Dataset entries
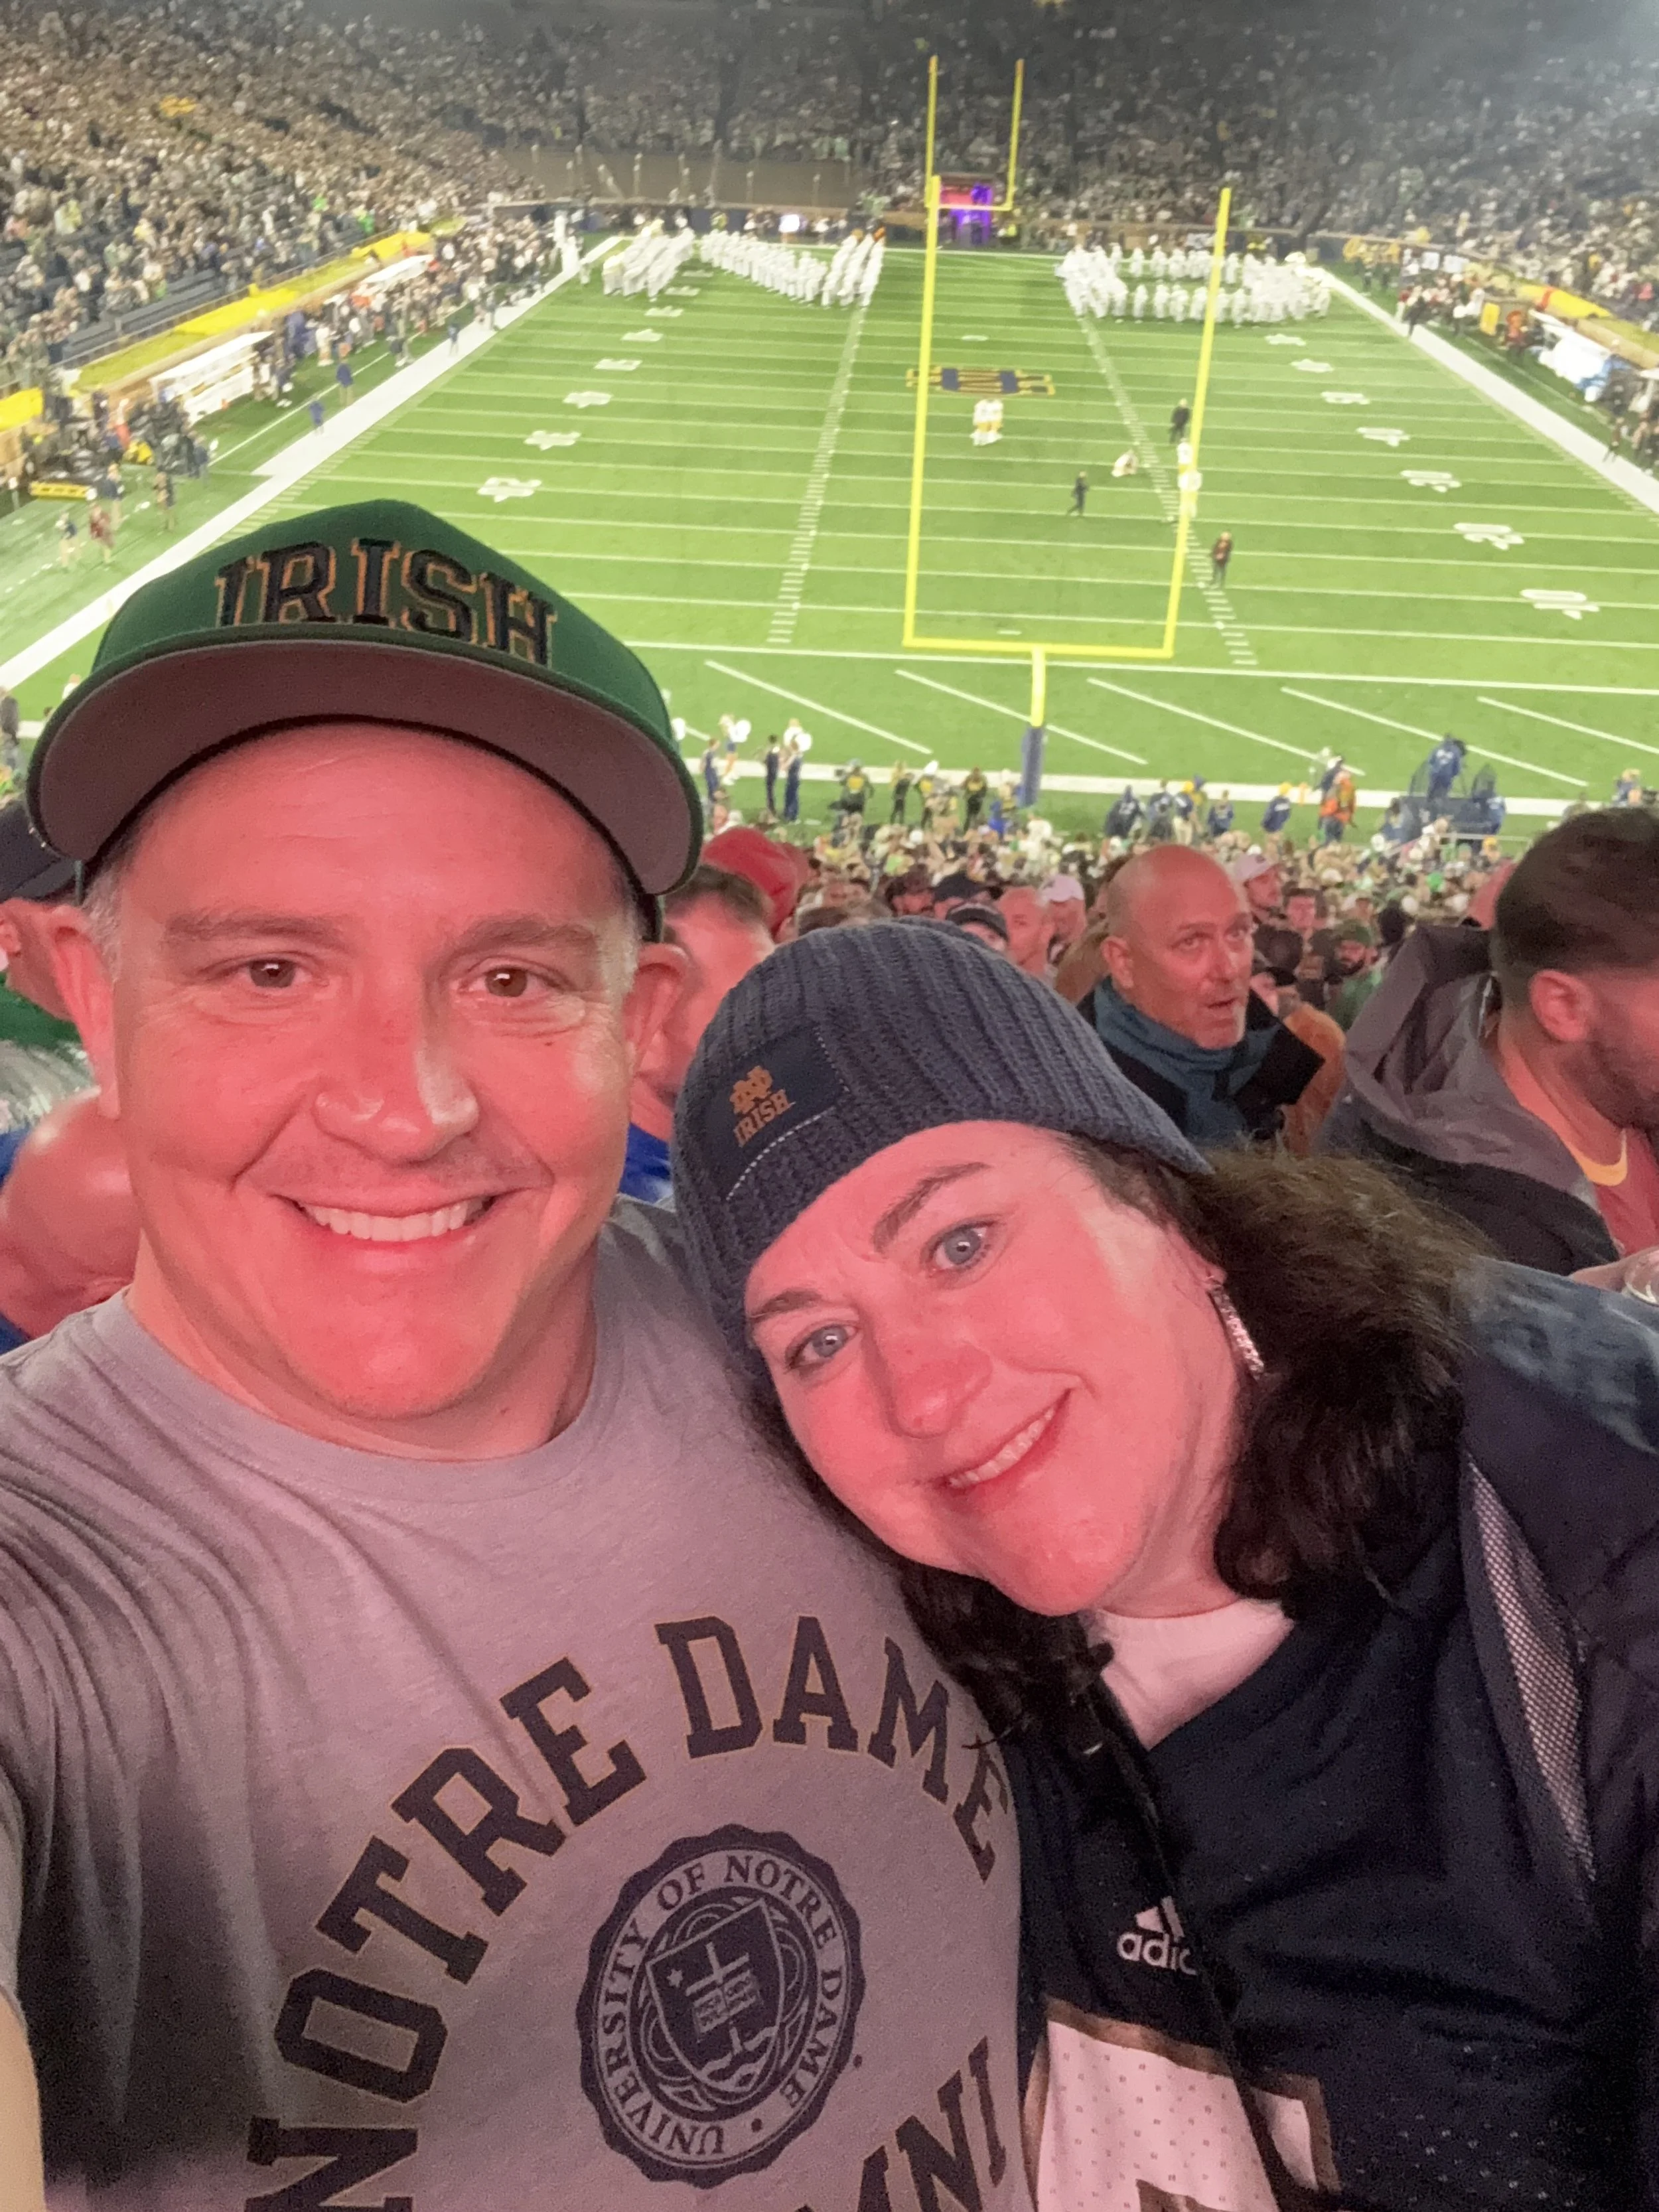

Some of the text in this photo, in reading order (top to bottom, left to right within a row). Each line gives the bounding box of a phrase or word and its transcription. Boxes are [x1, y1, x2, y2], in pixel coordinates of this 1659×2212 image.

[215, 537, 558, 667] IRISH
[733, 1088, 795, 1147] IRISH
[244, 1657, 646, 2212] NOTRE
[656, 1616, 1011, 1883] DAME
[602, 1855, 842, 2154] UNIVERSITY OF NOTRE DAME

| TASK TO CARRY OUT |
Retype every record above exactly as written, but leave out the pictures.

| SOLUTION FOR THIS PROBLEM |
Some of the text in this photo, in reading order (top to bottom, left to right within a row). Each line gives the bounding box of a phrase or word and its transcription. Boxes are [x1, y1, x2, y2], in pixel coordinates of this 1659×2212 image.

[215, 537, 558, 667] IRISH
[733, 1088, 795, 1147] IRISH
[244, 1657, 646, 2212] NOTRE
[656, 1616, 1011, 1883] DAME
[602, 1855, 842, 2154] UNIVERSITY OF NOTRE DAME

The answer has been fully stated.